Here I share my thoughts on using it with Rails.
What are N + 1 queries?
It mainly occurs when you load the bunch of objects and then for each object you make one more query to find associated object.
N + 1 queries problem
Consider below schema:
Class User << ActiveRecord::Base has_many :addresses end Class Address << ActiveRecord::Base belongs_to :user end
Consider below example for lazy load:
User.all.each do |user|
puts “Name : #{user.name}”
user.addresses.each_with_index do |add, index|
puts “Address #{index + 1} : #{address.address_line_1}”
end
end
Suppose there is only 10 user and each has 3 addresses then in above example
1 query will be fired to find out users.
i.e. SELECT “users”.* FROM “users”
And 3 queries to find addresses for each user.
i.e. SELECT “addresses”.* FROM “addresses” WHERE “user_id” = {user_id}
So in above overall 31 queries will be fire 1 to fetch user records and others to fetch records from addresses i.e.
30 (N) which makes N + 1 queries.
Above can be optimized by using includes or joins.
Using includes
User.includes(:addresses)
Above 1, query is required to fetch the records from users table.
i.e. SELECT “users”.* FROM “users”
After loading the users, find will collect the user_id from each one and load all the referenced addresses with one query. Doing so will cut down the number of queries from 31 to 2.
i.e. SELECT “addresses”.* FROM “addresses” WHERE “addresses”.”user_id” IN (1, 2, 3 , 4, 5, 6, 7, 8, 9, 10)
Using Joins
User.joins(:addresses)
Above will generate below response
SELECT users.* FROM ‘users’ INNER JOIN ‘addresses’ ON users.id = addresses.user_id
Above will further reduce the query to 1.
Note: Above will remove the user records which do not have associated address records due to inner join.
So for above we need to modify the join to left join as
User.joins(‘LEFT JOIN addresses ON addresses.user_id = users.id’)
Above will also returns the multiple objects for the same user if there will be more than 1 records for address for the user, so following modification will be required.
User.joins(‘LEFT JOIN addresses ON addresses.user_id = users.id’).select(‘DISTINCT users.*’)

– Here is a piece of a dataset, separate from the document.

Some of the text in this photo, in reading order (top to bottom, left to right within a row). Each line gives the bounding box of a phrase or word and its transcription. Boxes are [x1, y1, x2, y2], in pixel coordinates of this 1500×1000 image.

Also if you wants to use above records for update, then you needs to set read-only(false) like
User.joins(‘addresses‘).readonly(false)
We can also eagerload the polymorphic records.
Consider the following example.
User has_many :addresses, :as => :resource Client has_many :addresses, :as => :resource Address belongs_to :resource, :polymorphic => true
Eager load for users & clients can be simply done as
User.includes(:addresses) SELECT users.* FROM users SELECT addresses.* FROM addresses where addresses.resource_type = ‘USER’ and addresses.resource_id IN (1,2, 5…user_ids)
Same will be for clients
Here we can eager load for address also.
Address.includes(:resource) SELECT addresses.* FROM addresses SELECT users.* FROM users WHERE users. id IN (1,2,5 …resource_id of addresses where resource_type is ‘User’) SELECT clients.* FROM clients WHERE clients.id IN (1,2,5 …resource_id of addresses where resource_type is ‘Client’)

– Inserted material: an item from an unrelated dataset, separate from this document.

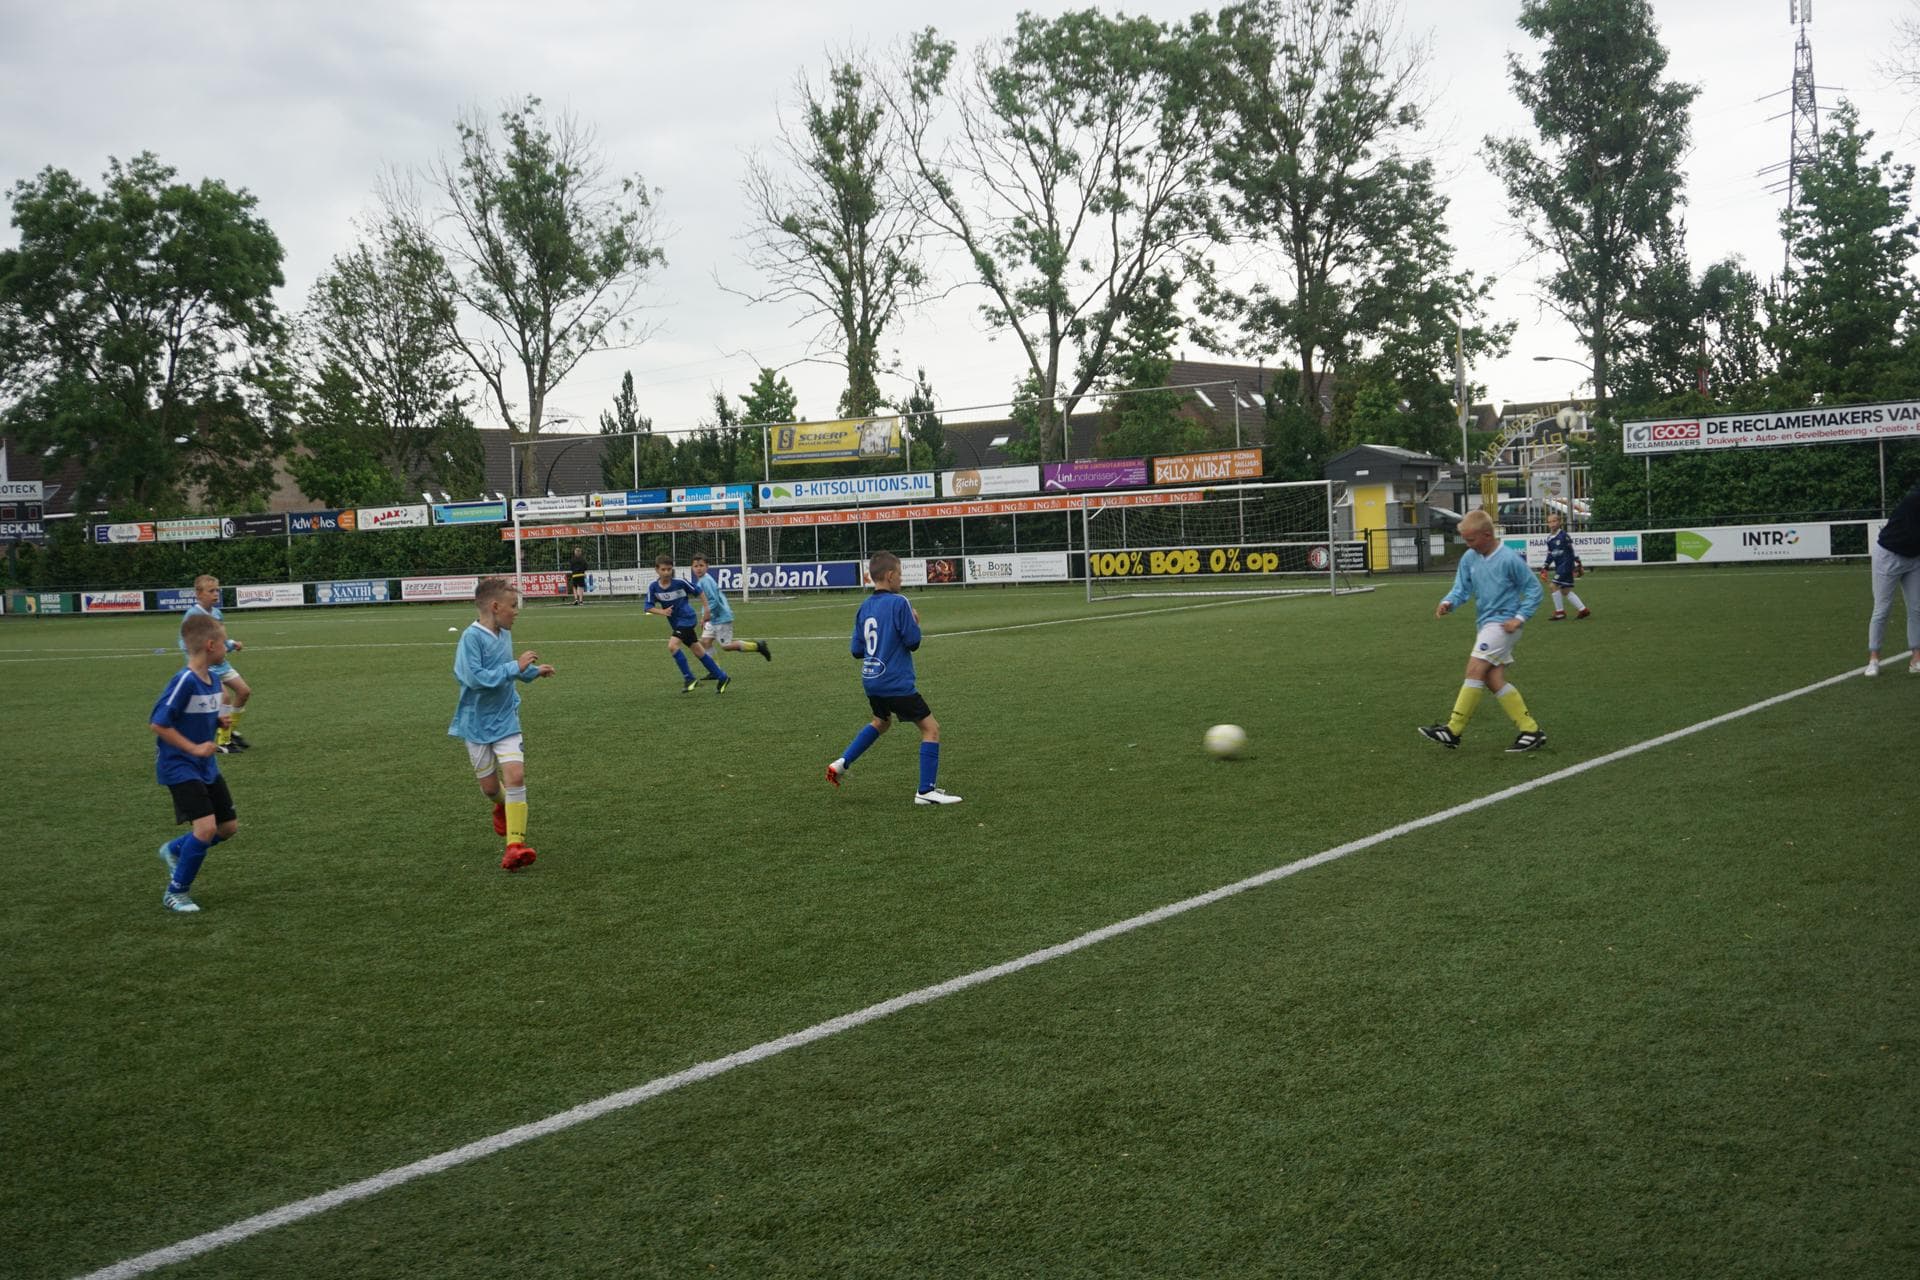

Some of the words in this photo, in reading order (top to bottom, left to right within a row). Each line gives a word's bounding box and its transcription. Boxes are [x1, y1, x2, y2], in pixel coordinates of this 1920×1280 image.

So 1 query to fetch records from Model class and 1 for each associated polymorphic association.
So here it will be only 1 + 2 = 3 queries
We can also eager loads from Model where we define the associations.
Consider below example
User
has_many :addresses, -> { includes(:phones)}
Address
has_many :phones
When here we make a call to the addresses of the user for example
user.addresses
Here, ActiveRecord will eager load all the phones associated with the addresses and will resolve the N + 1 queries problem.
Nested Eager Loading
Yes, We can also eager load a relation of an object you’re eager loading, such as
User has_many :addresses has_many :orders Address has_many :phones has_one :code Phone has_one :service Code has_one :code_type
So here we can eager load all the associated records from user with following
User.includes(:addresses => {{:phones => :service}, {:code => :code_type}}, :orders)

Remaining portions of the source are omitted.